Accueil > Actualités - Non classé > Canicule, moissons et maïs : les sangliers changent de stratégie, les chasseurs aussi

Canicule, moissons et maïs : les sangliers changent de stratégie, les chasseurs aussi

Par Arnaud Valmont | le 18 juillet 2026 Chassons.com

es récoltes d’été marquent chaque année un tournant dans les habitudes des sangliers. Mais en cette saison 2026, les épisodes de fortes chaleurs qui touchent une grande partie du territoire accentuent encore davantage ce phénomène. C’est le constat dressé par la Fédération départementale des chasseurs de l’Aisne, qui a récemment appelé ses adhérents à renforcer leur vigilance. Dans un message diffusé sur ses réseaux sociaux, la fédération rappelle qu’avec la récolte des colzas, les sangliers ont désormais pris possession des parcelles de maïs, faisant craindre une augmentation rapide des dégâts agricoles. L’alerte est loin d’être anecdotique. Derrière ce changement de décor se cache une réalité bien connue des gestionnaires de territoires, car lorsque les animaux changent de zones de remise, les dégâts peuvent rapidement s’intensifier si aucune intervention n’est engagée. Dans le contexte actuel, où la chaleur modifie fortement les comportements de la faune sauvage, les chasseurs doivent adapter leurs méthodes de surveillance et de régulation.

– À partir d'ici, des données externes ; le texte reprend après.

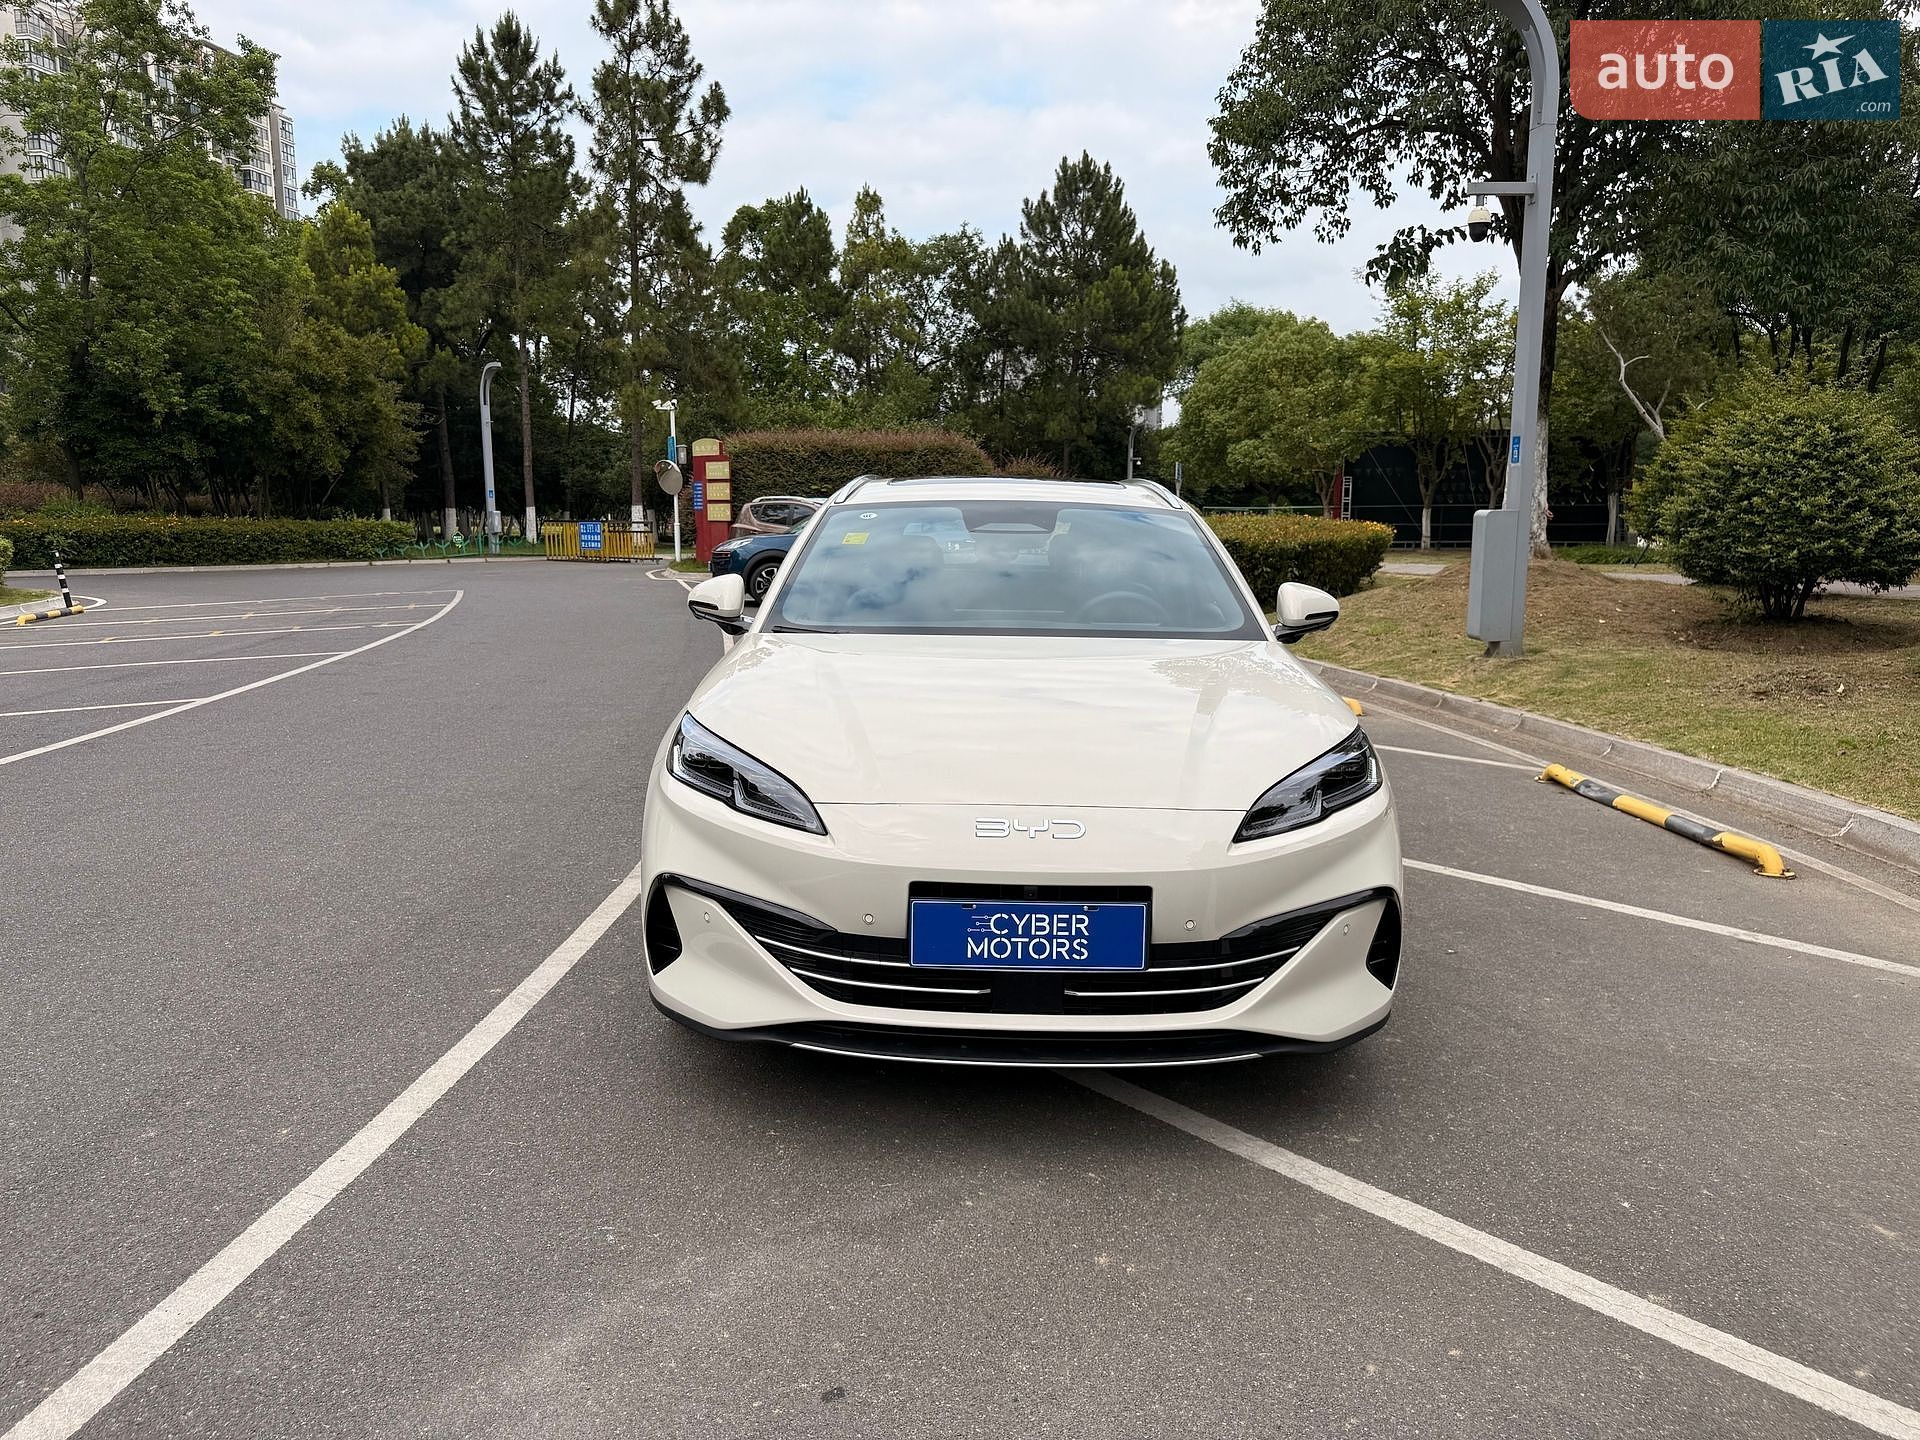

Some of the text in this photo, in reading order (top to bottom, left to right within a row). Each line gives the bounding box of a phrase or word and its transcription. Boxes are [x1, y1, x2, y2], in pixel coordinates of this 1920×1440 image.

[975, 816, 1086, 840] BYD
[989, 913, 1090, 936] CYBER
[967, 936, 1089, 960] MOTORS

Des colzas aux maïs, le grand déplacement de l’été

Durant le printemps et le début de l’été, les parcelles de colza offrent aux sangliers des conditions idéales pour se dissimuler en journée. Mais une fois les moissons engagées, ces vastes zones de refuge disparaissent brutalement. Les compagnies sont alors contraintes de trouver de nouveaux secteurs où se protéger. Le maïs devient naturellement leur destination privilégiée. Les cultures sont hautes et procurent un couvert dense, elles limitent le dérangement et conservent davantage de fraîcheur au niveau du sol. Pour les animaux, ces parcelles représentent le compromis idéal avec à la fois un abri et une source de nourriture. C’est précisément ce phénomène que souligne la Fédération des chasseurs de l’Aisne. Les premiers dégâts dans les maïs apparaissent souvent dès les jours qui suivent les récoltes de colza, avant même que les agriculteurs n’identifient clairement l’installation des animaux. D’où l’importance d’une surveillance régulière des parcelles et de leurs abords.

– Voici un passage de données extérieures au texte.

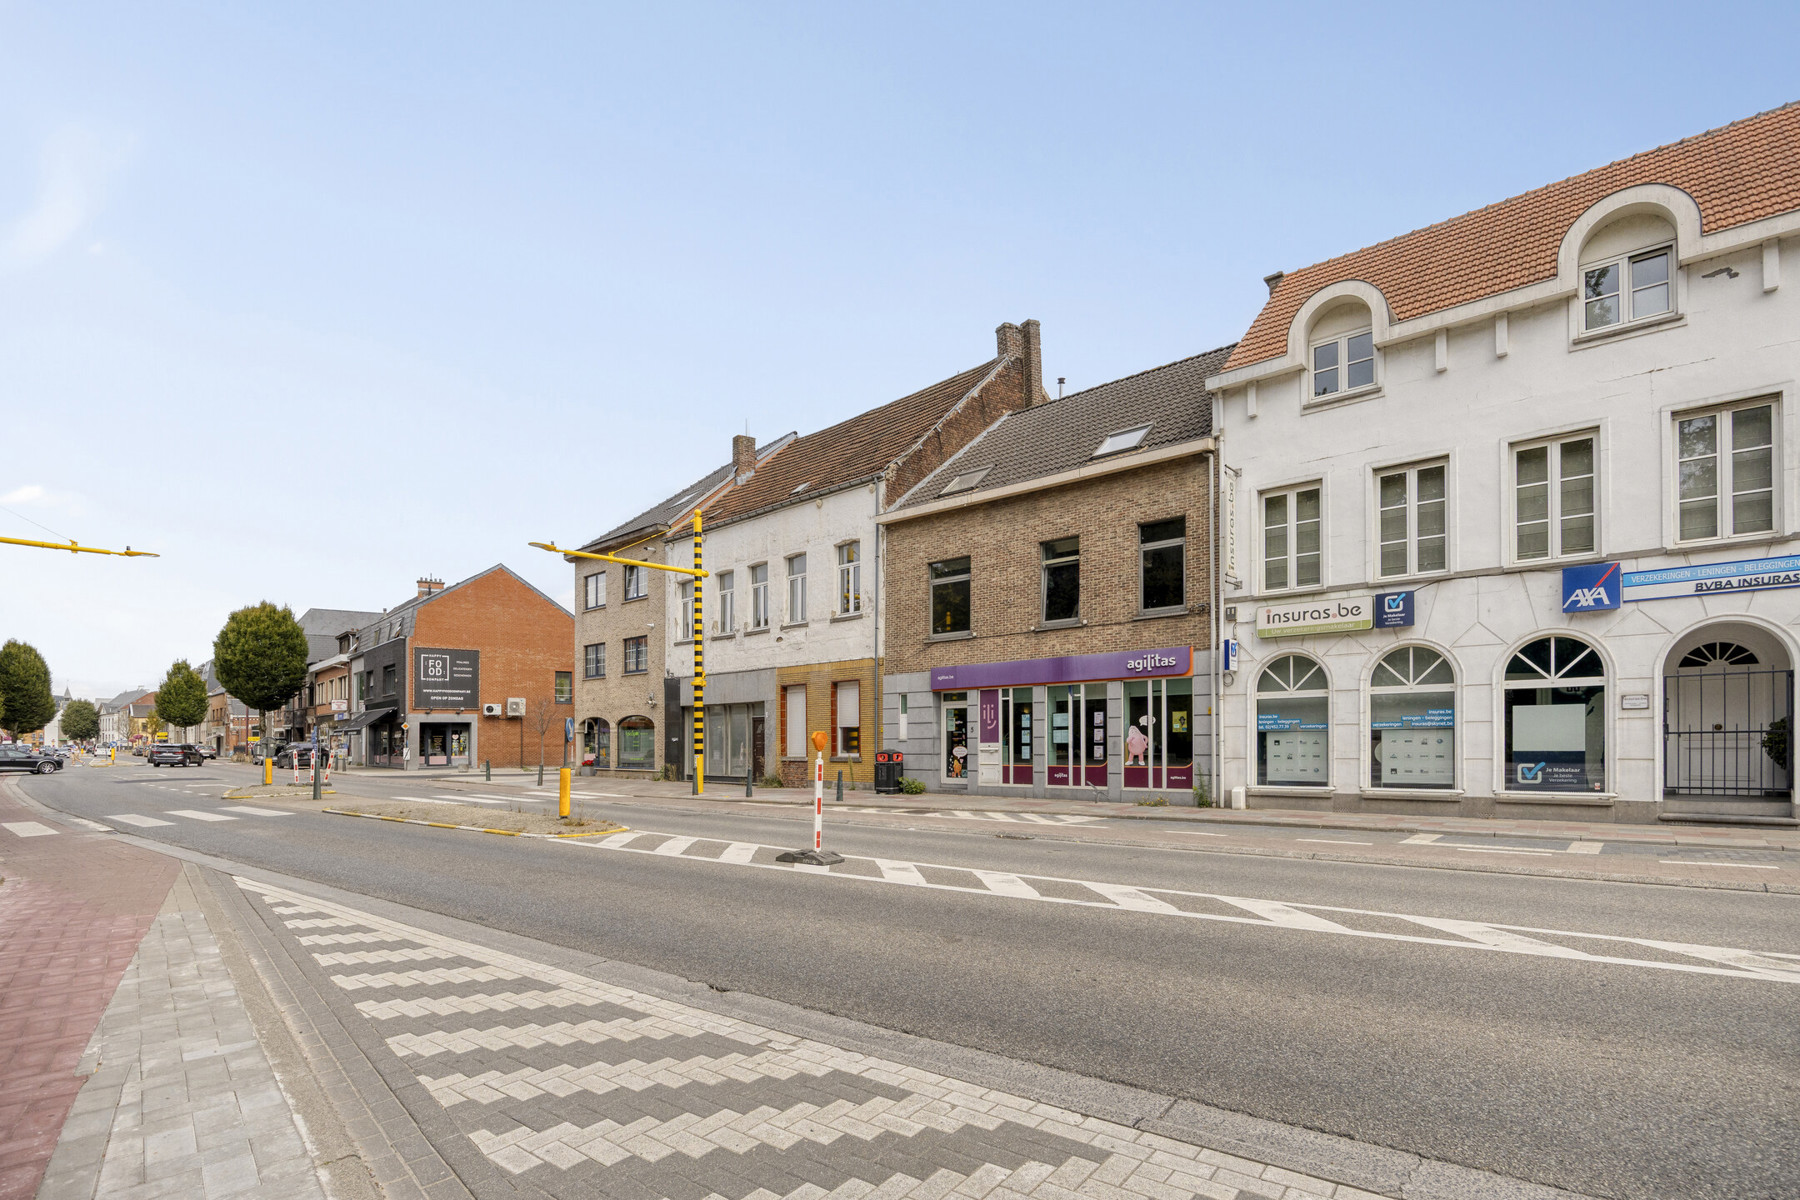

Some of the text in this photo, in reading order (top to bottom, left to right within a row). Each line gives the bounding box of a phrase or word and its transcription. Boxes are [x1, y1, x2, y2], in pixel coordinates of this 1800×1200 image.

[1631, 570, 1691, 583] VERZEKERINGEN
[1697, 565, 1737, 577] LENINGEN
[1744, 559, 1800, 572] BELEGGINGEN
[1694, 573, 1800, 592] BVBA INSURAS
[1563, 586, 1610, 608] AXA
[1266, 603, 1362, 624] insuras.be
[1127, 654, 1176, 672] agilitas
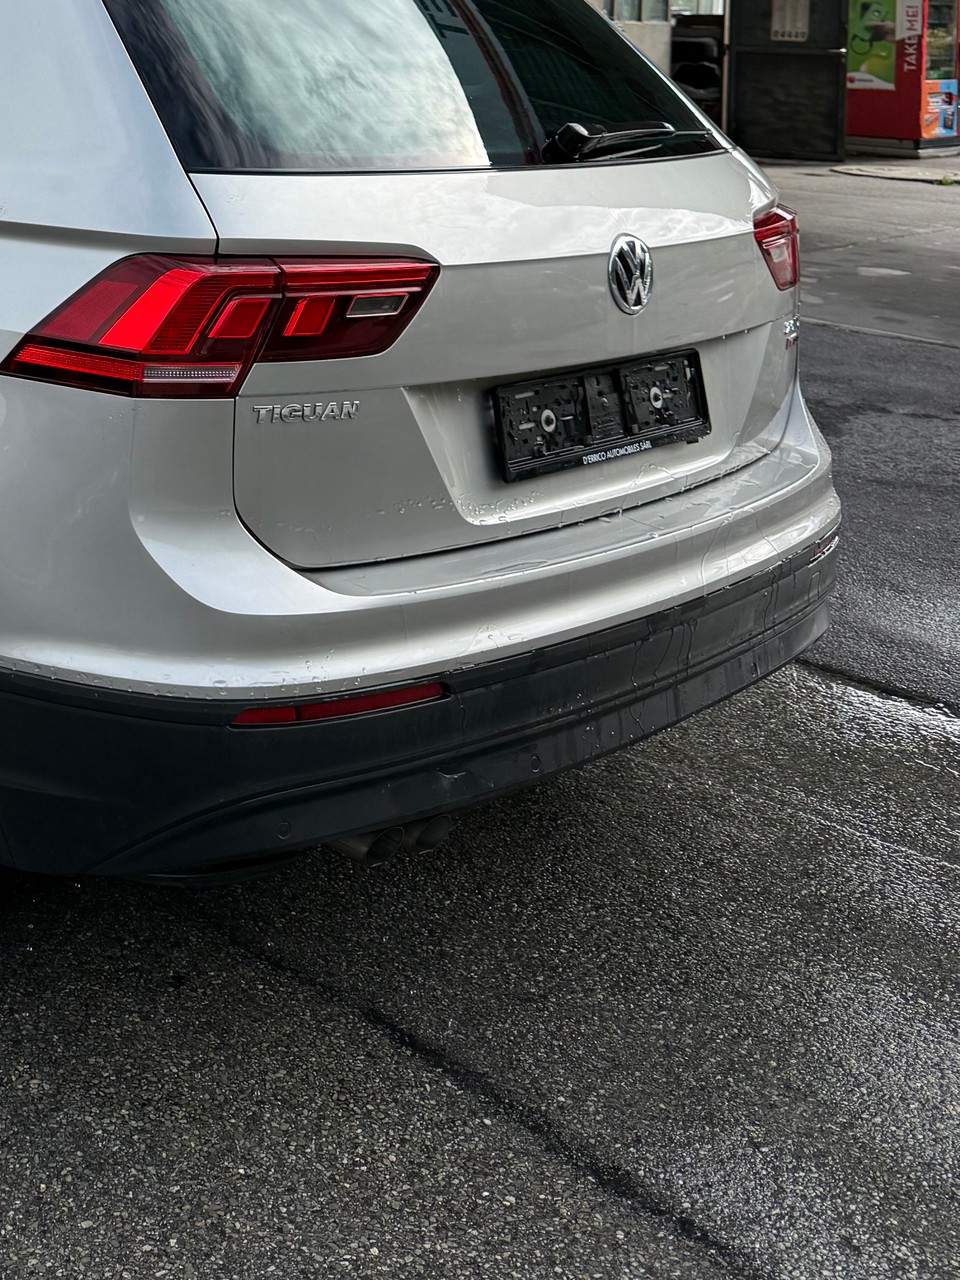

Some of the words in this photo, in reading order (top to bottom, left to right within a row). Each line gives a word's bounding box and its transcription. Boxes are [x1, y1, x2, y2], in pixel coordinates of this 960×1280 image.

[903, 35, 919, 72] TAKE
[253, 401, 360, 424] TIGUAN
[582, 451, 607, 465] D'ERRICO
[606, 443, 640, 459] AUTOMOBILES

La canicule bouleverse les habitudes des sangliers

Les fortes températures observées depuis plusieurs semaines compliquent encore la situation. Comme de nombreuses espèces sauvages, les sangliers réduisent leur activité pendant les heures les plus chaudes et privilégient les déplacements nocturnes. Cette adaptation rend leur détection encore plus difficile. Les animaux quittent rarement leurs remises en journée et profitent pleinement des conditions offertes par les maïs pour rester à couvert. Les observations directes deviennent plus rares, tandis que les dégâts peuvent progresser rapidement sans être repérés immédiatement. Pour les chasseurs chargés de la régulation, cette évolution impose une présence accrue sur le terrain. Les indices de fréquentation, les coulées, les zones de souille ou les premiers dégâts observés deviennent des informations essentielles pour localiser les animaux et anticiper leurs déplacements.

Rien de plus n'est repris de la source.